— AVAILABLE DATA —
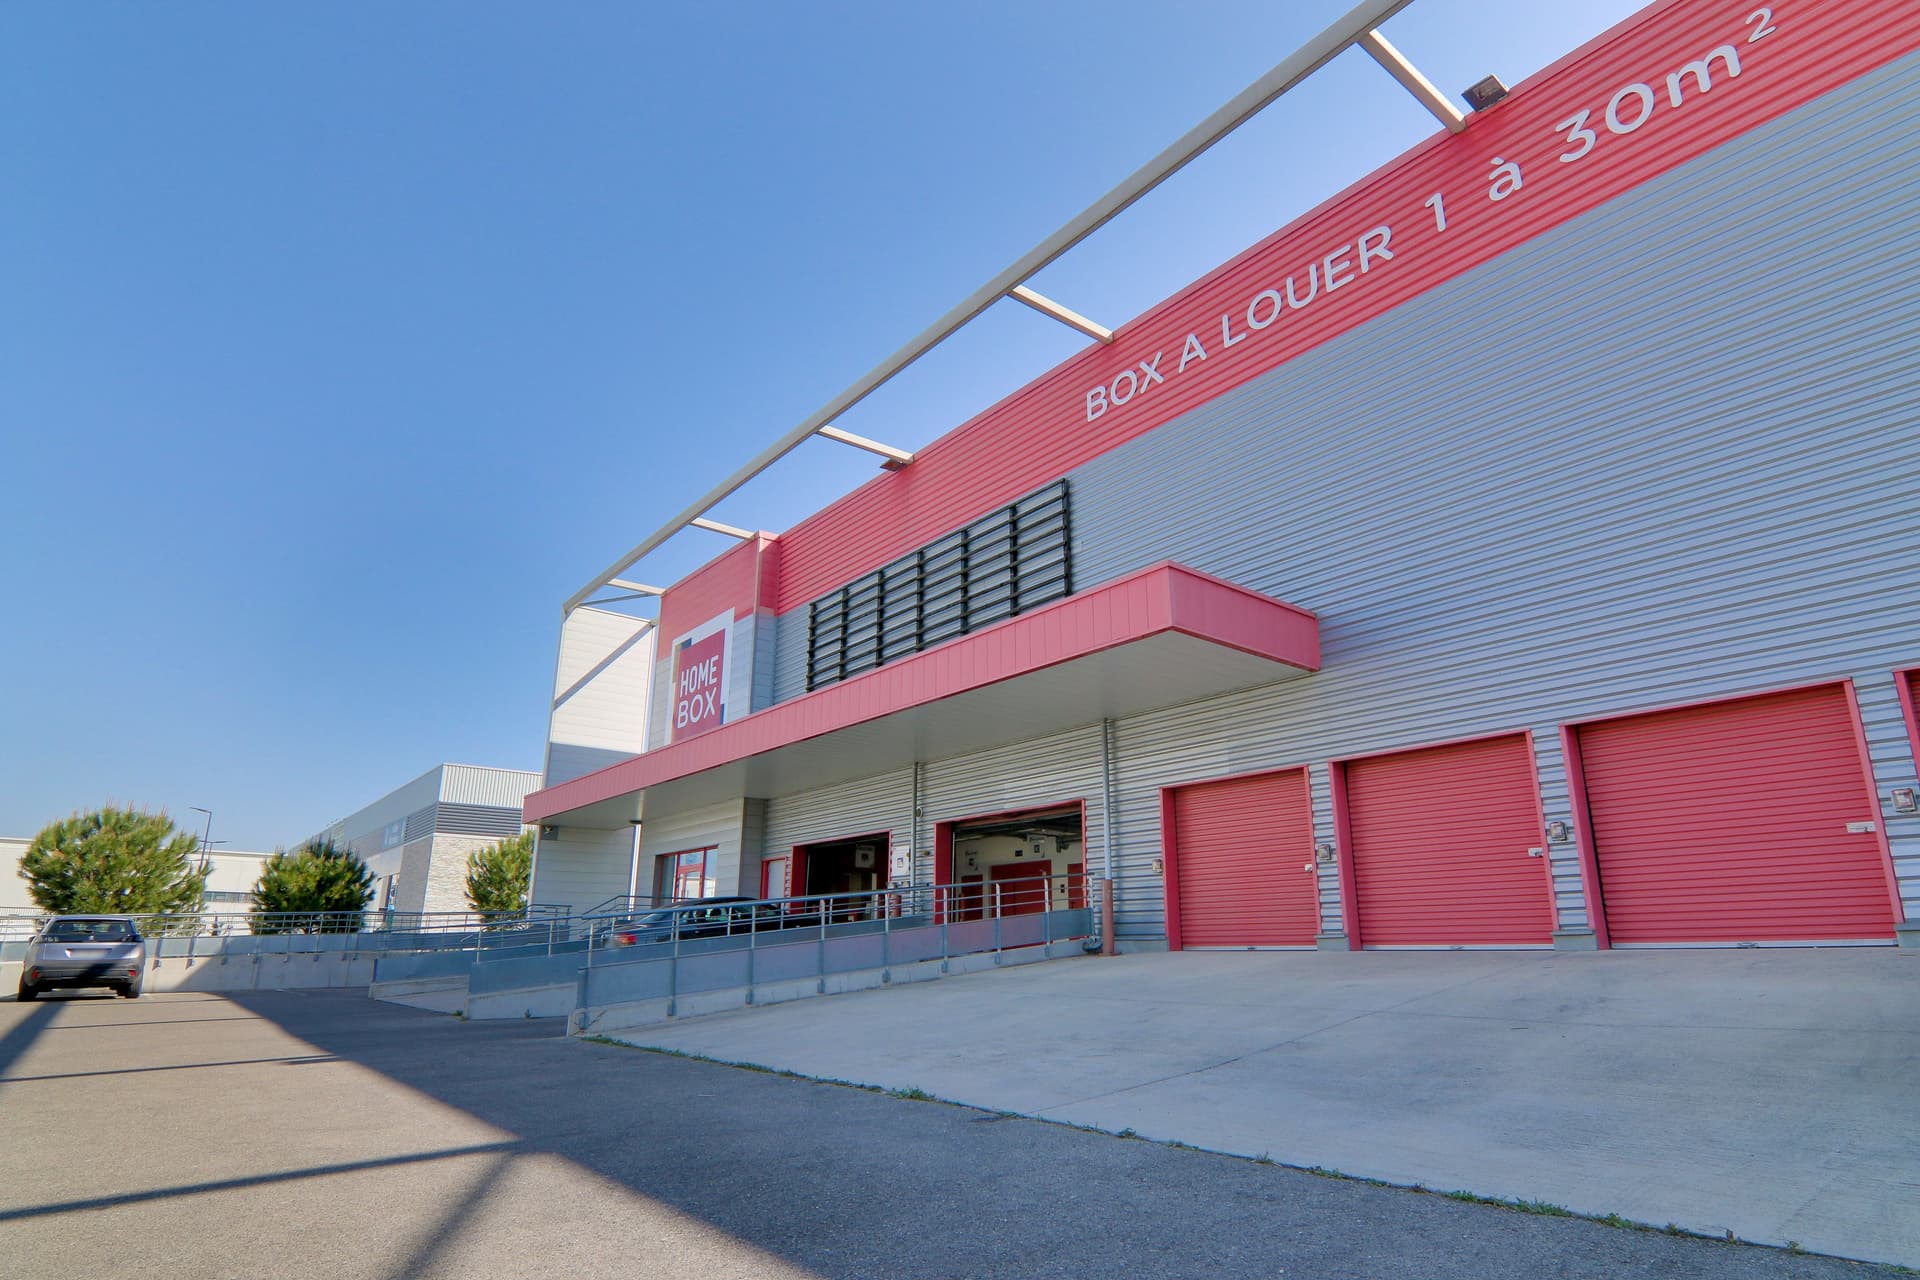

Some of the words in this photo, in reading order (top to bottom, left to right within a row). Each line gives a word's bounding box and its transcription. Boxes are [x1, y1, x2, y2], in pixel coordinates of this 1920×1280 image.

[1086, 351, 1164, 422] BOX
[1178, 333, 1208, 374] A
[1222, 225, 1395, 348] LOUER
[1424, 192, 1447, 233] 1
[1488, 156, 1523, 201] à
[680, 654, 719, 698] HOME
[677, 687, 717, 729] BOX

— EXERCISE —
The listing above is to be written out again exactly, with its pictures omitted.

— RESULT —
Some of the words in this photo, in reading order (top to bottom, left to right within a row). Each line gives a word's bounding box and its transcription. Boxes are [x1, y1, x2, y2], in pixel coordinates of this 1920×1280 image.

[1086, 351, 1164, 422] BOX
[1178, 333, 1208, 374] A
[1222, 225, 1395, 348] LOUER
[1424, 192, 1447, 233] 1
[1488, 156, 1523, 201] à
[680, 654, 719, 698] HOME
[677, 687, 717, 729] BOX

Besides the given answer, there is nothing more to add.